This is a story we need to learn and one that historians need to teach.  I began this paper by invoking the title of our session; let me conclude by invoking my own title, “The Poverty of Power,” which I have borrowed from Barry Commoner, who was an active and tireless opponent of American energy policy during the 1970s.  Just prior to the energy crisis, Commoner warned: “We are living in a false prosperity.  Our burgeoning industry and agriculture has produced lots of food, many cars, huge amounts of power, and fancy new chemical substitutes.  But for all these goods we have been paying a hidden price.”  That price, Commoner argued, was the destruction of the ecological system that supported not only human existence, but also—ironically—the very industries that threatened it.  “What this tells us,” he surmised, “is that our system of productivity is at the heart of the environmental problem.”[23]  By the 1970s, Commoner was a veteran of social and environmental activism, and he very consciously recognized that government and business needed to have environmental destruction explained in economic terms in order to be swayed by the gravity of the situation.  Even before Earth Day, Commoner was conscious of this, and in a 1969 address at the 11th annual meeting of the National Association of Business Economists, he translated the environmental crisis into economic terms:

“The environment makes up a huge, enormously complex living machine—the ecosphere—and on the integrity and proper functioning of that machine depends every human activity, including technology.  Without the photosynthetic activity of green plants there would be no oxygen for our smelters and furnaces, let alone to support human and animal life.  Without the action of plants and animals in aquatic systems, we can have no pure water to supply agriculture, industry, and the cities.  Without the biological processes that have gone on in the soil for thousands of years, we would have neither food, crops, oil, nor coal.  This machine is our biological capital, the basic apparatus on which our total productivity depends.  If we destroy it, our most advanced technology will come to naught and any economic and political system which depends on it will founder.  Yet the major threat to the integrity of this biological capital is technology itself.”[24]
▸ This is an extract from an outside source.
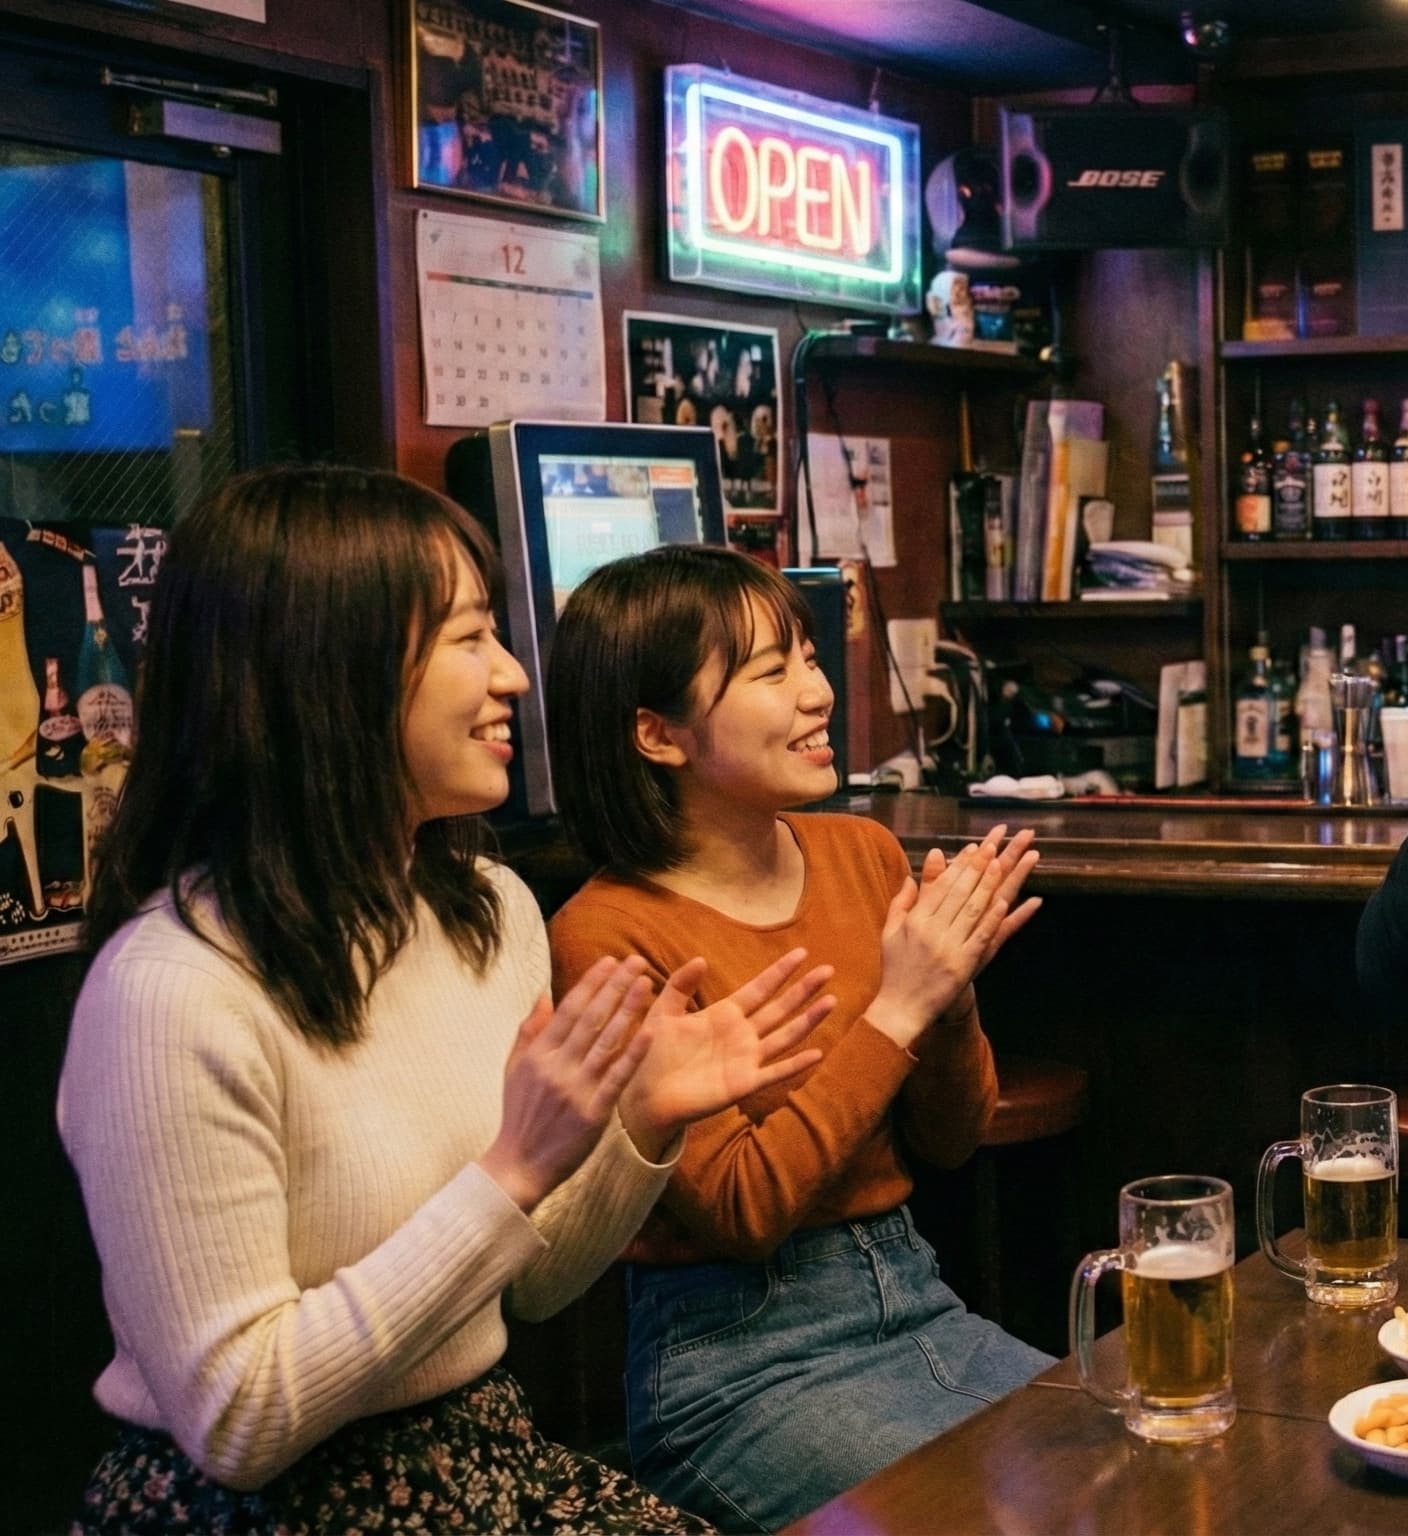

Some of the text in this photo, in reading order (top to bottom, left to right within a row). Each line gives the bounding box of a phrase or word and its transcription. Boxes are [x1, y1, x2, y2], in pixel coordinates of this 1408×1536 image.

[709, 126, 871, 255] OPEN
[1066, 170, 1164, 188] BOSE
[501, 244, 527, 275] 12
The message was ecological, but it was also unmistakably and profoundly economic.  And it was a damning indictment of the industrial forces behind the technological revolution.  Commoner summarized these ideas in The Closing Circle.  “Environmental problems seem to have an uncanny way of penetrating to the core of those issues that most gravely burden the modern world,” he told his readers.  “There are powerful links between the environmental crisis and the troublesome, conflicting demands on the earth’s resources and on the wealth created from them by society.”[25]  In this context, environmental history does not directly help us with solving the problem at hand, but it ensures that we ask the right questions.
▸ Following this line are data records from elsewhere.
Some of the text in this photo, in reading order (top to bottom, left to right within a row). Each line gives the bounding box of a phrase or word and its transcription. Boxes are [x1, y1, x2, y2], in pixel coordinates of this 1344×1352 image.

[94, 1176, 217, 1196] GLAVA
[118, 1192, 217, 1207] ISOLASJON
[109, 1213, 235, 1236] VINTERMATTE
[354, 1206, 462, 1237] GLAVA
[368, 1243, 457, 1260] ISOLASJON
[1] G. B. Trudeau, The People’s Doonesbury: Notes from Underfoot, 1978-1980 (New York: Henry Holt, 1981).

[2] Tom Wolfe, The Purple Decades (New York: Berkley Books, 1983), 265-296; and Christopher Lasch, The Culture of Narcissism: American Life in an Age of Diminishing Expectations (New York: W. W. Norton & Co., 1979).  For Wolfe’s famous essay, see also Wolfe, “The ‘Me’ Decade and the Third Great Awakening,” New York (23 August 1976), 26-40. For overviews of the 1970s, see Bruce J. Schulman, The Seventies: The Great Shift in American Culture, Society, and Politics (New York: The Free Press, 2001); Peter N. Carroll, It Seemed Like Nothing Happened: The Tragedy and Promise of America in the 1970s (New York: Holt, Rinehart, & Winston, 1982); Arlene S. Skolnick, Embattled Paradise: The American Family in an Age of Uncertainty (New York: Basic Books, 1991); Jim Hougan, Decadence: Radical Nostalgia, Narcissism, and Decline in the Seventies (New York: Morrow, 1975); and James T. Patterson, Grand Expectations: The United States, 1945-1974 (New York: Oxford University Press, 1996).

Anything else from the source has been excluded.